Biden makes the right call on Yemen

After six years of backing up Saudi Arabia and the United Arab Emirates in their brutal and incompetently prosecuted military misadventure in Yemen, President Biden has finally decided to do the smart thing.

Get out of this war.

National Security Adviser Jake Sullivan announced on Thursday that Washington would terminate its offensive military support to the Saudi-led coalition fighting Houthi rebels in Yemen. The choice to intervene in Yemen’s civil war occurred on President Barack Obama’s watch after very little interagency debate. A conflict that Saudi Crown Prince Mohammed Bin Salman claimed would be over in a few weeks has instead dragged on for years. The Houthis will and, Iranian enabled, capability to resist the Saudi air campaign was consistently underestimated. With every passing month, more evidence of Saudi war crimes emerged, making U.S. assistance to Riyadh even tougher to justify.

The war worsened under the Trump administration as billions of dollars in additional U.S. offensive weapons, including air-to-ground munitions, were sold to the Saudis with very little regard to how Riyadh would use those weapons. Indeed, strategy seemed notably absent here. It was always unclear how pouring more arms into the conflict would serve official U.S. policy: encouraging a negotiated end to the war.

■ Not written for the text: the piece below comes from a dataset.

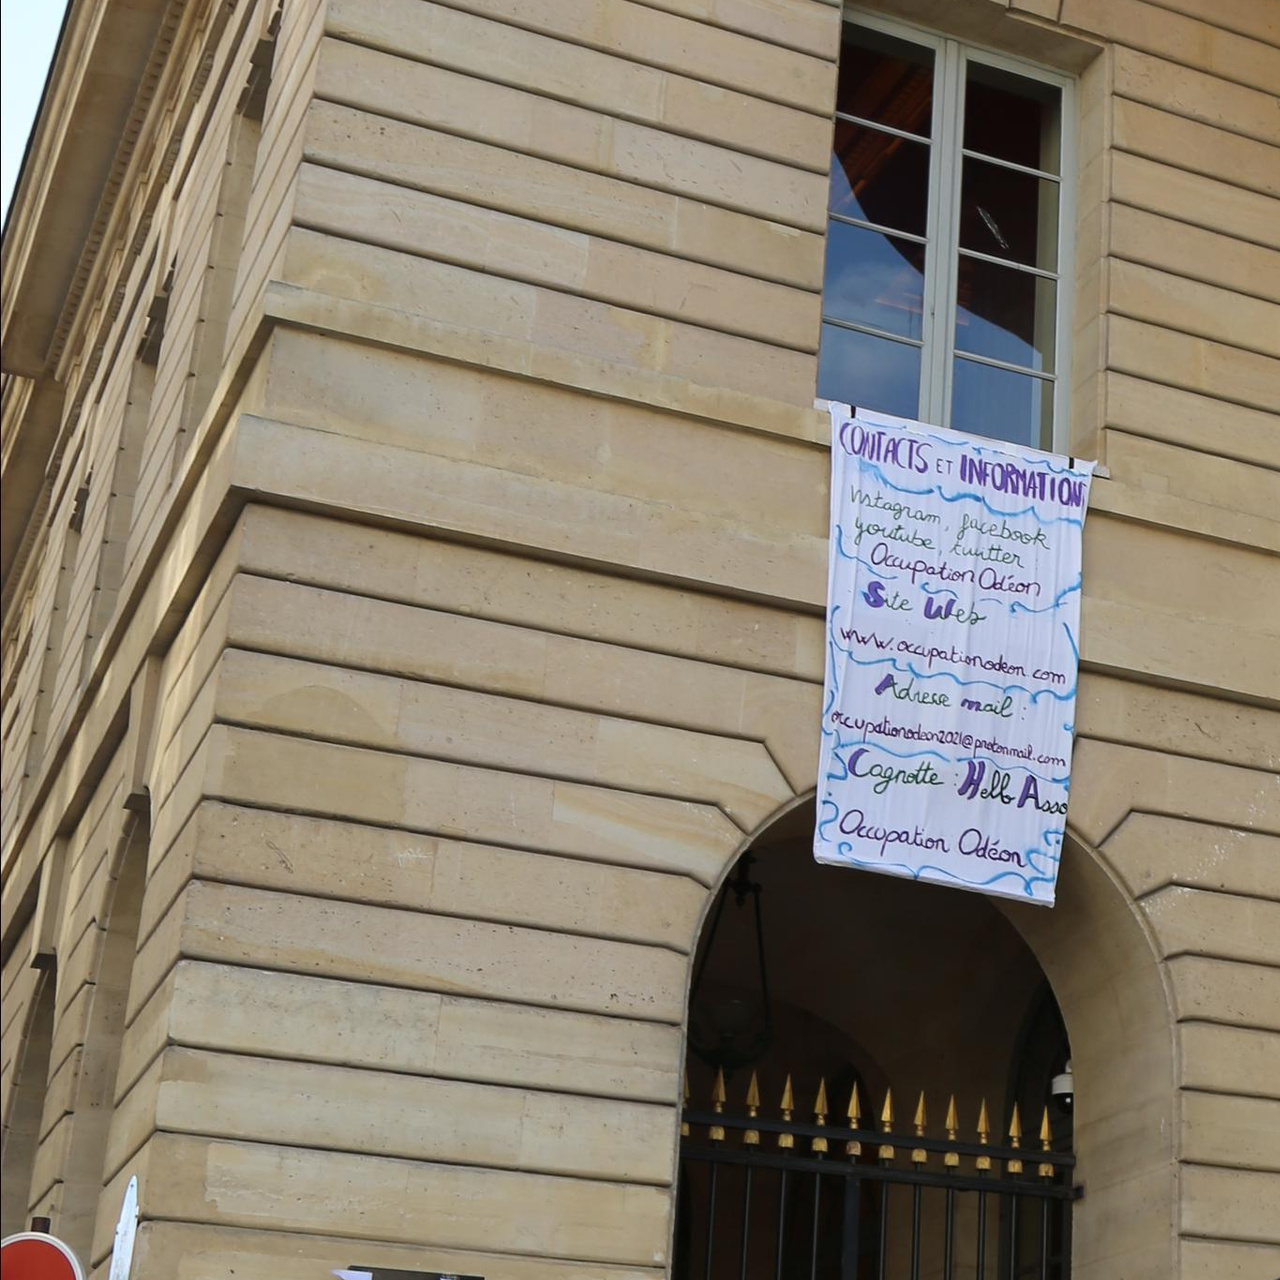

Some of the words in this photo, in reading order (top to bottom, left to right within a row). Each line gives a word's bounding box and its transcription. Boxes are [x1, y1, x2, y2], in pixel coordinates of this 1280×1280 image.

Yemen was never a particularly prosperous country to begin with. On the contrary, it is the poorest nation in the Middle East. The war, however, has all but wiped out whatever infrastructure Yemen had before the conflict began. Roughly half of its hospitals are unworkable, many destroyed by Saudi airstrikes. Over 20.1 million people would face starvation were it not for international food assistance. Eighty percent of Yemenis need some form of humanitarian assistance to survive on a daily basis. Washington’s involvement in the conflict has not only worked at cross-currents with U.S. interests, it has also seriously violated America’s own values.

Biden, of course, was vice president when the initial decision to intervene was made. To his credit, Biden no longer believes the status-quo is worth defending. The Biden administration has adopted a number of smart decisions on Yemen early on, including adopting a one-month waiver which nullifies Trump’s designation of the Houthis as a foreign terrorist organization. That waiver has less to do with sympathy for the Houthis and more to do with ensuring food aid can continue to be delivered to the bulk of Yemen’s population. The appointment of foreign service officer Tim Lenderking as U.S. special envoy to Yemen is also a sign that the Biden administration will at least try to act as a neutral party to the war.

Still, the top line is clear: The United States can’t get out of Yemen fast enough. A hat-tip to Biden and his national security advisers for following through on their rhetoric.